* [Exercise objective]:
An exact copy of every record below is required, with the pictures left out.

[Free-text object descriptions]
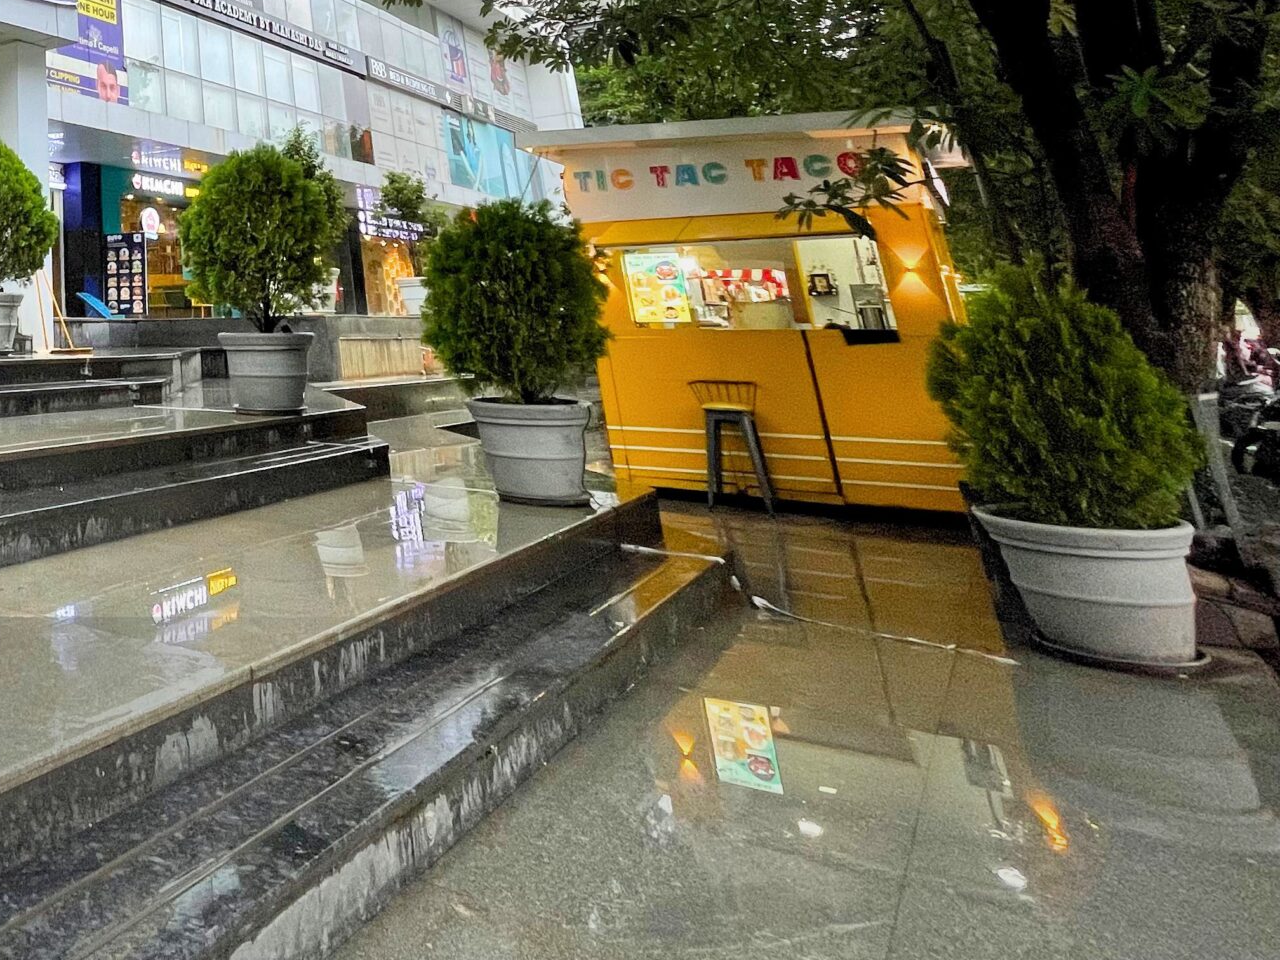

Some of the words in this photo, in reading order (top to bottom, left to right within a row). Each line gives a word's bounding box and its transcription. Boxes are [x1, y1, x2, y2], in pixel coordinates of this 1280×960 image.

[77, 1, 91, 14] NE
[92, 6, 115, 21] HOUR
[215, 0, 258, 27] ACADEMY
[259, 16, 270, 31] BY
[271, 20, 308, 47] MANASHI
[308, 37, 323, 53] DAS
[98, 41, 119, 55] Capelli
[49, 70, 80, 85] CLIPPING
[573, 168, 634, 192] TIC
[649, 161, 728, 188] TAC
[744, 151, 864, 182] TACO
[141, 175, 184, 197] KIMCHI

* [Output]:
Some of the words in this photo, in reading order (top to bottom, left to right within a row). Each line gives a word's bounding box and its transcription. Boxes are [x1, y1, x2, y2], in pixel coordinates of this 1280×960 image.

[77, 1, 91, 14] NE
[92, 6, 115, 21] HOUR
[215, 0, 258, 27] ACADEMY
[259, 16, 270, 31] BY
[271, 20, 308, 47] MANASHI
[308, 37, 323, 53] DAS
[98, 41, 119, 55] Capelli
[49, 70, 80, 85] CLIPPING
[573, 168, 634, 192] TIC
[649, 161, 728, 188] TAC
[744, 151, 864, 182] TACO
[141, 175, 184, 197] KIMCHI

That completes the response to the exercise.